Willie Nelson grew up around animals while working on a farm
In Me and Sister Bobbie — a co-memoir Nelson wrote with his late older sister, Bobbie Nelson — he shared stories about growing up on a farm in Texas. The Nelson siblings were raised by their grandparents during and after the Great Depression.
“We farmed to survive,” he explained. “I dug in.”
Nelson “got a kick out of planting and picking” and said, “Working the fields became something of a competition. I wanted to wind up with the biggest bag of cotton.”
But that wasn’t his only calling on the farm. He eventually developed unique connections with some of the animals.
Willie Nelson relates to animals and has a ‘heart for hogs’

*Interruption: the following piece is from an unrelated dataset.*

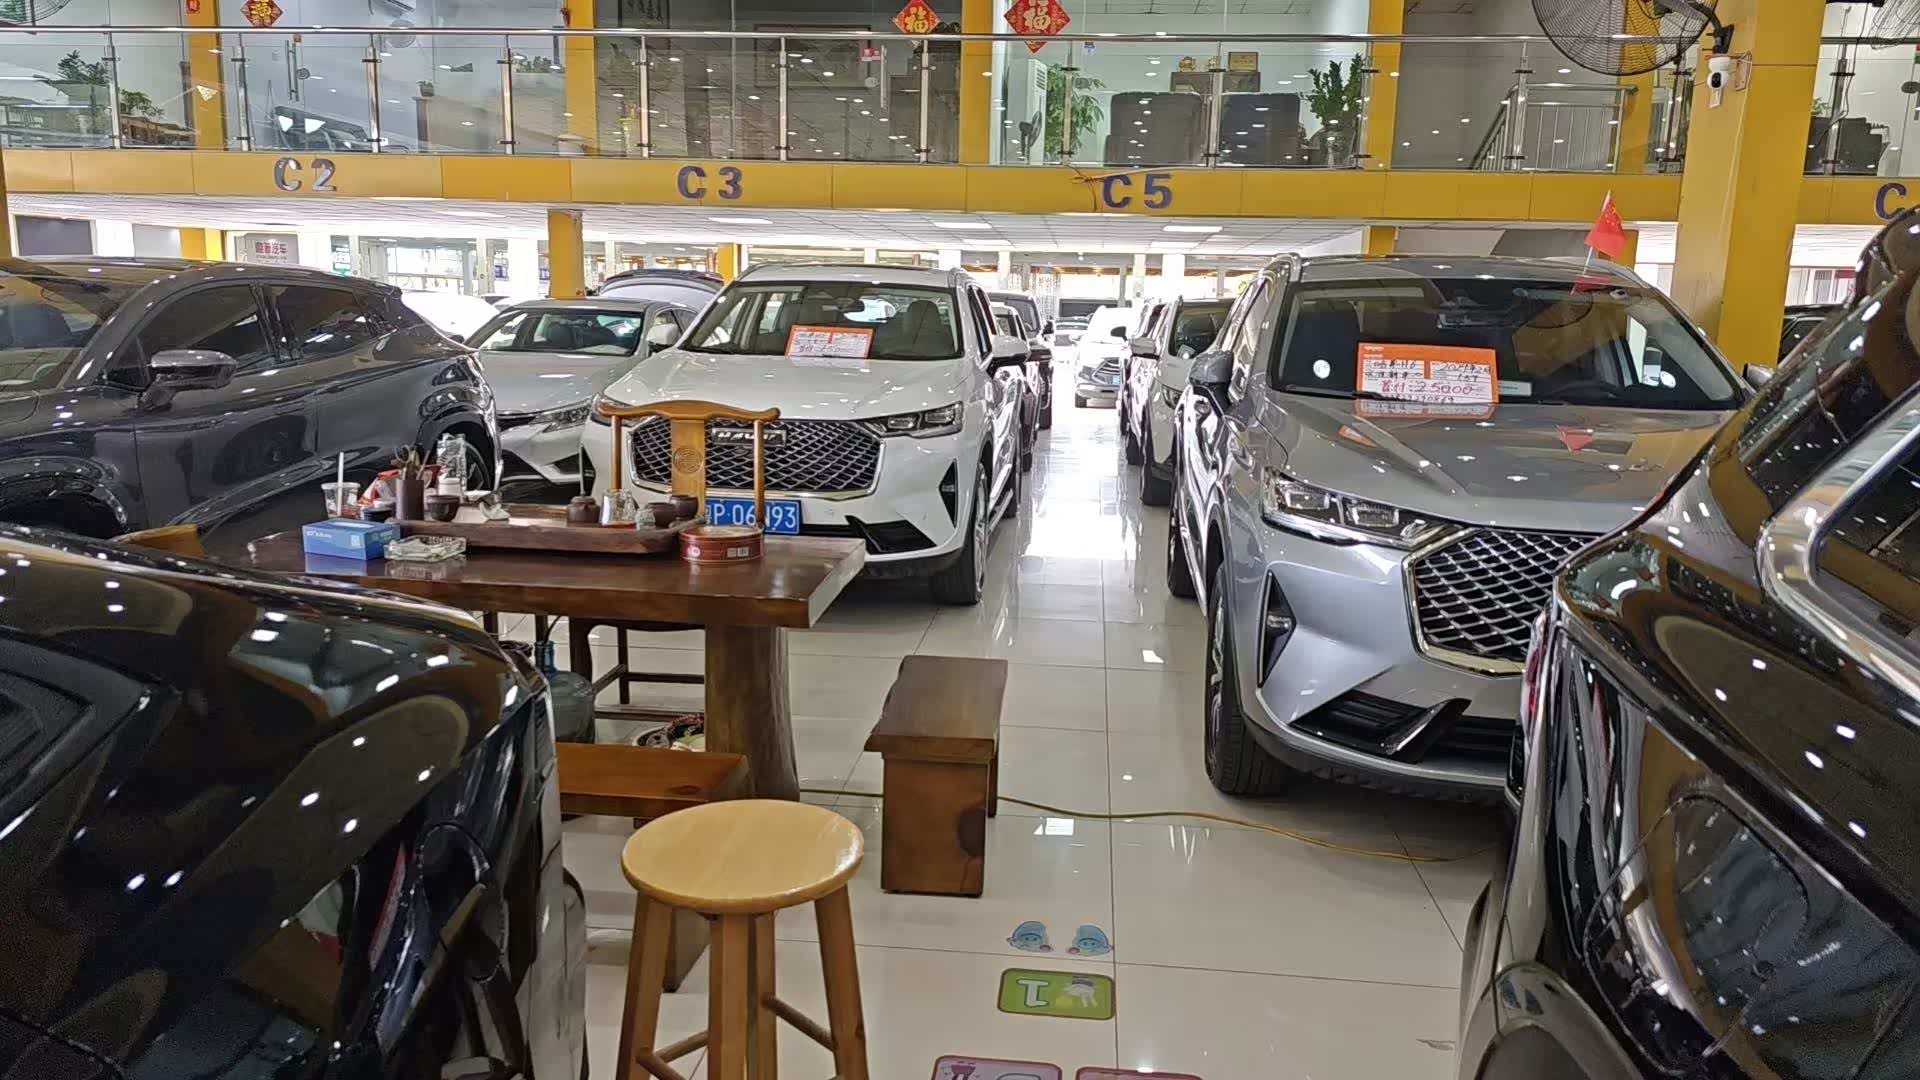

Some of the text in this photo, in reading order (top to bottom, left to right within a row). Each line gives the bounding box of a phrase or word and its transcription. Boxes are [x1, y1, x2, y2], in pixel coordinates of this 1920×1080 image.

[274, 157, 338, 191] C2
[677, 165, 743, 199] C3
[1103, 173, 1173, 209] C5

While Nelson enjoyed planting and picking in the fields, he related to the animals around him most. “Still do,” he added. He noted how he had a “heart for hogs” and “loved watching them in the muddy pen.”

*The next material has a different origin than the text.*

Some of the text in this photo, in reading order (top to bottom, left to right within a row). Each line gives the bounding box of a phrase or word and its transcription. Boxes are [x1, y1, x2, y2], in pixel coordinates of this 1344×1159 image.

He once tried his hand at raising hogs when his music wasn’t paying the bills, though it didn’t go as expected. They all got loose once and he lost a minor fortune by the end of his endeavor. But he loved the animals, nonetheless.
According to him, hogs have different personalities, and he found that they were “as trainable as dogs.”
“You can teach them to sit, stand, shake your hand, and do all sorts of tricks,” he explained in Me and Sister Bobbie. “People don’t realize that.”
Willie Nelson loves a certain ‘strong animal’
But hogs weren’t the only animals that Nelson was drawn to on the farm. “Love horses, too,” he wrote. He didn’t have one as a kid, but he was sometimes lucky enough to borrow one from a neighbor for a while. He said riding came naturally because he felt he developed a “soul-to-soul connection” with horses.
“Sitting atop that streamlined, strong animal made me feel streamlined and strong by extension,” he explained.
And Nelson loves horses so much that he wrote an open letter demanding protection for the wild ones. “Wild horses, like other wild animals, were meant to be wild and free,” Nelson wrote (per Southern Living.)
“Historic family bands are broken as the horses are separated forever. Some are adopted or sold, and many thousands more end up living in crowded corrals or leased pastures, exposed to the elements. Some end up slaughtered for human consumption overseas,” the “Crazy” songwriter shared.
Furthermore, Nelson’s Luck Ranch is home to more than 70 horses he saved from slaughter. “My horses are probably the luckiest horses in the world,” he said (per ABC KSAT.) “They get hand-fed twice a day, and they were just ready to go to slaughter is probably the last thing they remembered, so they’re happy horses.”